First off, I’m not sure what you mean by “salt” as the salt is already mixed into the meat equally during grinding. The casings get thoroughly rinsed before stuffing so there isn’t any salt there either. I’m not sure where this excess salt is coming from?
Stuffing is a bit of an art which I don’t pretend to completely understand, but I’ve got a couple tricks that work well.
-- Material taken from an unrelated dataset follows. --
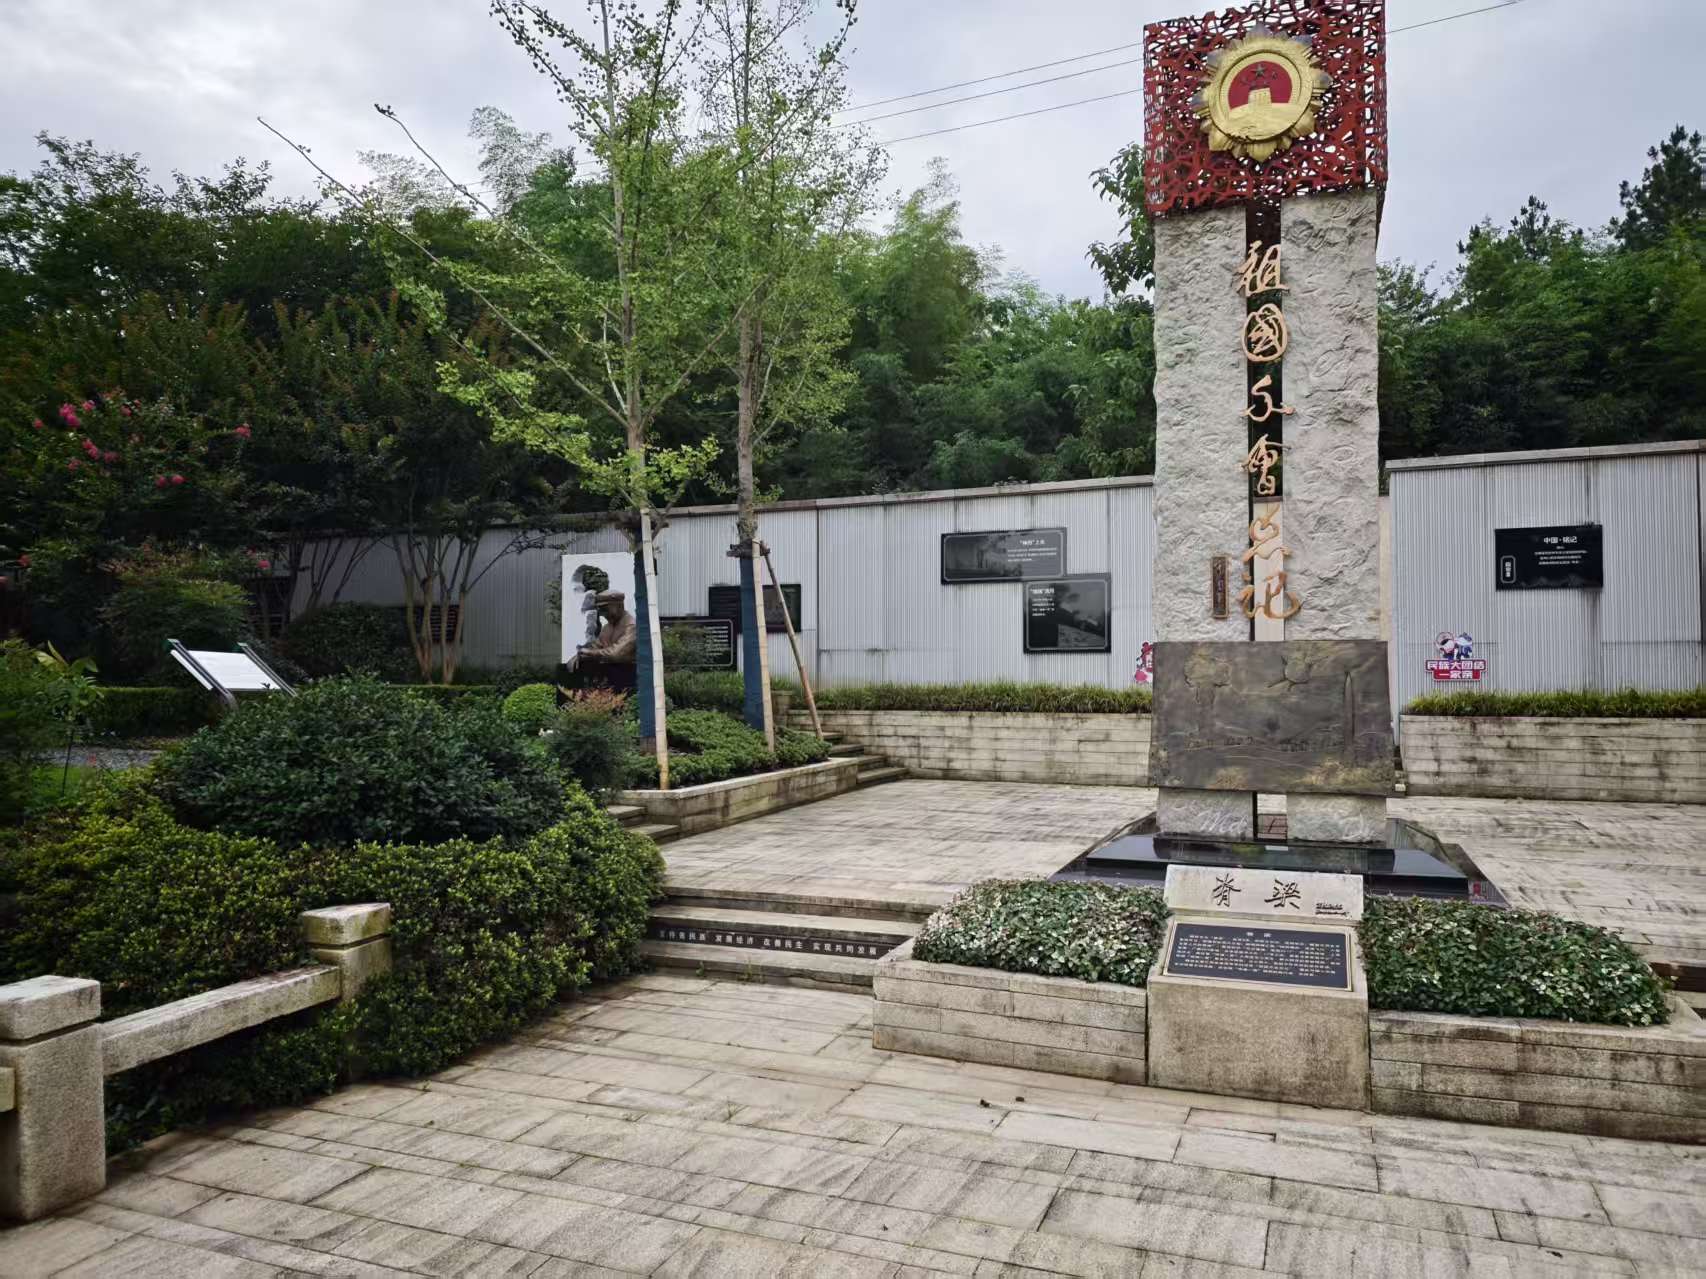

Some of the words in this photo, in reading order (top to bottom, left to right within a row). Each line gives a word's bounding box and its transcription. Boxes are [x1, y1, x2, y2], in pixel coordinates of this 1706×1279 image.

I’ll take a couple feet of casing and carefully roll it up over the funnel, link after link until it resembles a discarded sock. I keep the other end open until I’ve cranked the meat right to the point where it’s poking out the end of the funnel. To avoid bubbles I tie off the casings right at this point and give it a careful poke with my handy sausage pricker before starting to crank out the sausage. Usually this makes for a mostly normal-looing first link of sausage, but I always consider the first bit a right-off! *laughs*
I hope this helps. Let me know if it does!
Cheers.
I stuff my fresh Polish sausage by hand…..any suggestions to make it easier? Also, the only seasonings I use are garlic, salt, freshly ground pepper and MUSTARD SEEDS! I have been the only one in my family that stuffs sausage and I’m 77 yrs old so I’ve been doing it for a long time…..the sausage horn has been passed down in the family.. Mynproblem is getting casings!
Hi Suzi.
Thank you so much for sharing your recipe! I love the addition of mustard seed, and the fact your using an heirloom horn makes the whole process so magical! Stuffing by hand can get quite taxing over time so I’ve switched to a crank-fed stuffer which makes the whole process go a lot faster. Casings can be tough, I usually look for supermarkets or butchers that feature homemade sausage and just ask them if they’d sell me some. It usually works!